That, Celia, is good enough for me. And so is the excellent discussion your comment has triggered here.

Cecilia Lim 08-Oct-2004 12:55
Phil, you said, "To me, a great image is one that can covey many meanings ... If a photograph shares common ground with its viewer, it communicates. But if the viewer does not have context for that photograph and does not understand it, it can't communicate as effectively... "

Then I would have to conclude that, if an image does not communicate any meaning to a viewer, then it is not a good image at all. And certainly does not qualify as one if it had to resort to other"context" ie: written explanations about it to help create meaning! Jen for example began to find meaning in your image after reading Marek's and your descriptions about what the image meant to the both of you. That is cheating isn't it? Putting ideas and thoughts into people's heads so that they may be steered closer to finding meaning in the image? Like you said so yourself, "My goal here was to activate the imaginations of my viewer, but the viewer must first come to the image without preconceptions or expectations of their own" . The effectiveness of your image should be based on the initial reactions of your viewers, and not after they have been "coached" into seeing into an image a certain way. Because then it is not the image itself that activates the viewer's imaginations, but the words! Jen on the second time round came with preconceptions and expectations after reading your comments, which then caused her to read the image differently. After all, photography is a totally different language from the written language. In its purest form, it is an art that relies on the form of visual imagery to "speak". Having a written language to support its meaning, functioning like a "back up" incase the visual imagery fails, does not hold the image up to the true test of its effectiveness, does it? You asked if we agree if this image expresses "the essence of what Dublin once had been". No is my answer. Therefore your image is a failure.

Or is it really? Well, there are others who think it isn't. This leads me further to questions about effective, expressive imagery. An image is not expressive if it is not effective, as in your own words, in "activate(ing) the imaginations of my viewer" . So in my case, the image was not expressive to me, because I completely missed the point of your image. But to others like Marek and Likyin, it is a piece of expressive photography. So how can you define if an image a photographer made is expressive or not? Is there a black & white answer to this question at all? After all, art, such as photography, is such a subjective form. Everyone gets different things out of it. It appears that there is no right or wrong. Hence, no success or failure. But if a photographer feels he made an expressive image though no one else thinks so, does anyone's opinions matter anyway, since photography is so subjective? Then, what would be the criteria that a photographer should use to let him/herself know how good he/she is in this art? I think this is a question that any serious photographer who wants to improve in his art would ask at some point. How do you judge your own work? What criteria would you use? Surely not other people's personal interpretation of your work, which in itself is so subjective?
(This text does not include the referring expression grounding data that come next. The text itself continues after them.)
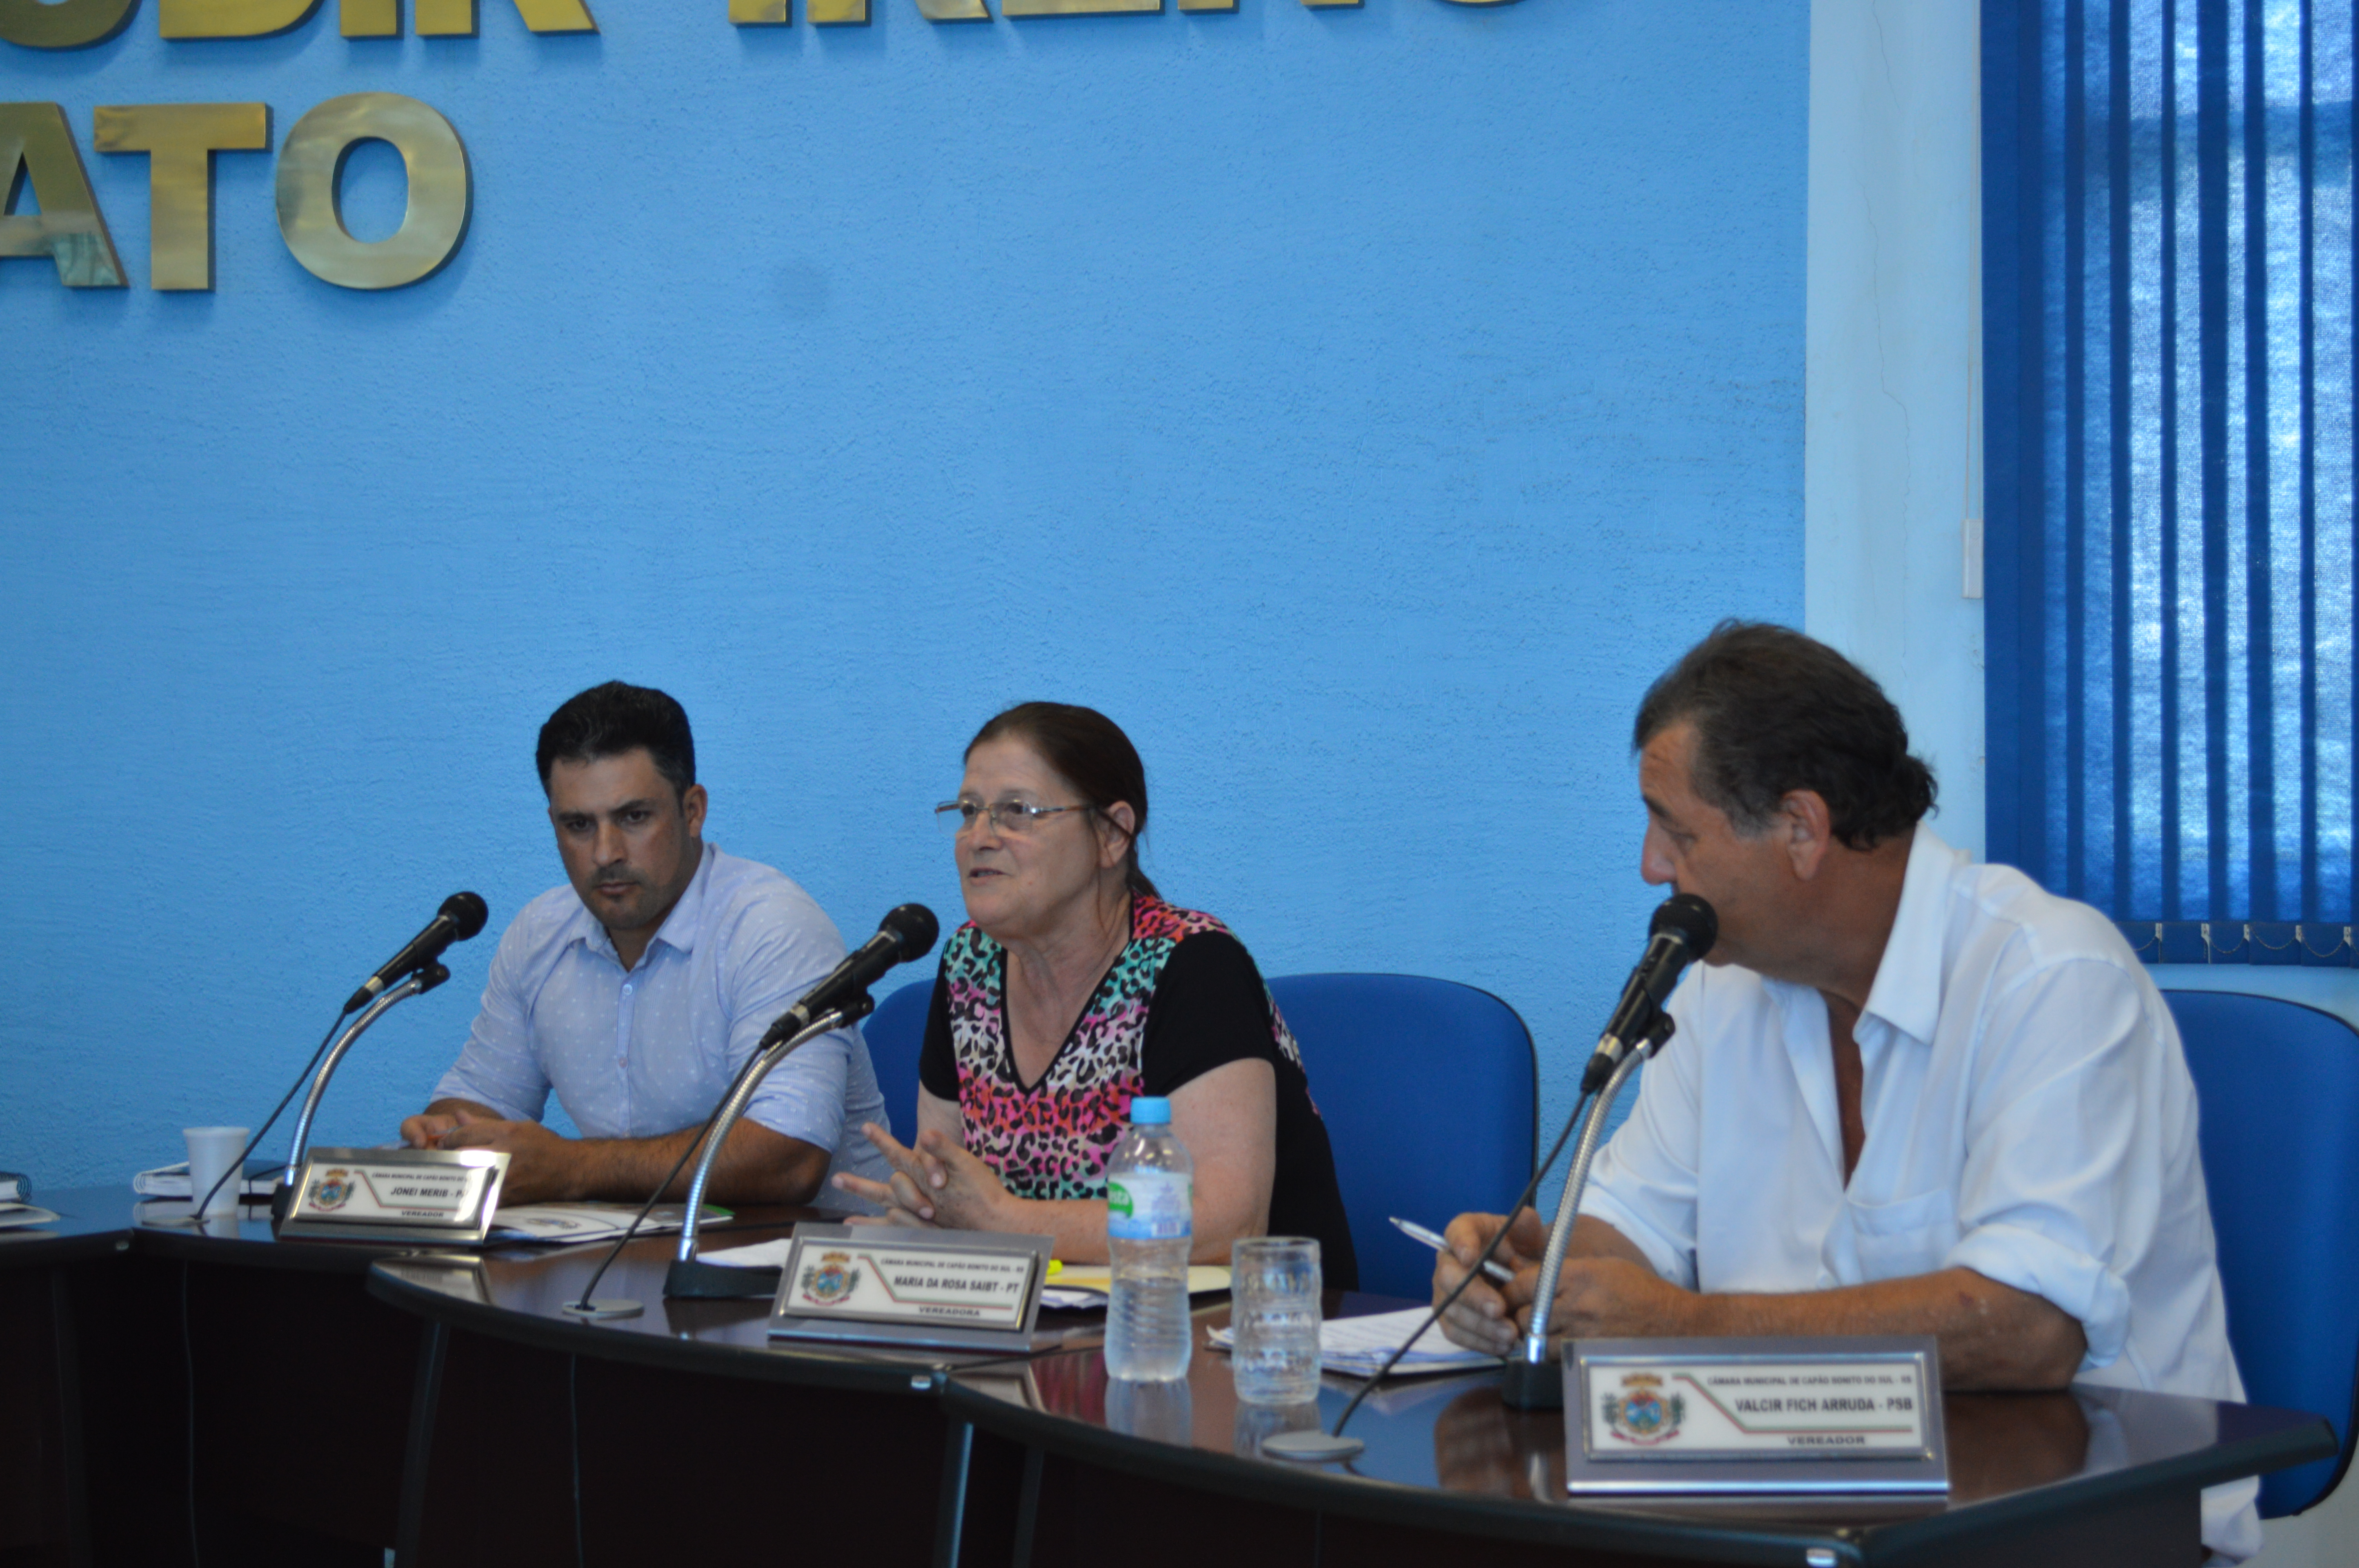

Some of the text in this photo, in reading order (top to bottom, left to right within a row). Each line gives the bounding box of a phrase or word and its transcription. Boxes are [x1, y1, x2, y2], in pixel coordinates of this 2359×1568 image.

[0, 92, 474, 290] ATO
[391, 1187, 418, 1196] JONEI
[420, 1188, 449, 1198] MERIB
[894, 1276, 923, 1287] MARIA
[926, 1277, 938, 1288] DA
[941, 1278, 966, 1289] ROSA
[970, 1279, 998, 1292] SAIBT
[1006, 1282, 1019, 1293] PT
[919, 1307, 980, 1316] VEREADORA
[1735, 1398, 1782, 1411] VALCIR
[1786, 1398, 1817, 1411] FICH
[1822, 1397, 1875, 1411] ARRUDA
[1887, 1397, 1912, 1410] PSB
[1787, 1436, 1865, 1445] VEREADOR
What would any criticism or review matter to you or any photographer? At the end of the day, if you are happy with an image, even if it is just purely descriptive and meaningless to some, if it's expressive to you and nobody else, isn't that all that should matter? An image is expressive photography if you think it is?! Anyone - feel free to jump in on this!
Phil Douglis02-Oct-2004 17:45
Thank you, Jen. This "place" has come to life for me as well. Out of such differing opinions as these comes learning, and out of learning comes knowledge. We can then use this knowledge to put more of ourselves into our own images and into the photographs of others, as well. Celia started the learning process with her very strong criticism of this photograph, and then Marek, Likyin, and yourself all brought your own positive impressions of this image to the discussion that followed. I responded by explaining how I felt about each of your contributions. In your case, this learning dialogue has given you enough knowledge so that you can now read meaning into this picture that you could not do before you had this knowledge.

Even better, this new knowledge has not only filled your mind, but it has also motivated you to put your heart into reading this photograph. You came back again and again to this photograph with an open mind, and gradually found yourself able to put more and more of yourself into this image. And look at what you have gained from the experience! You gave it so much, and you got back even more from it.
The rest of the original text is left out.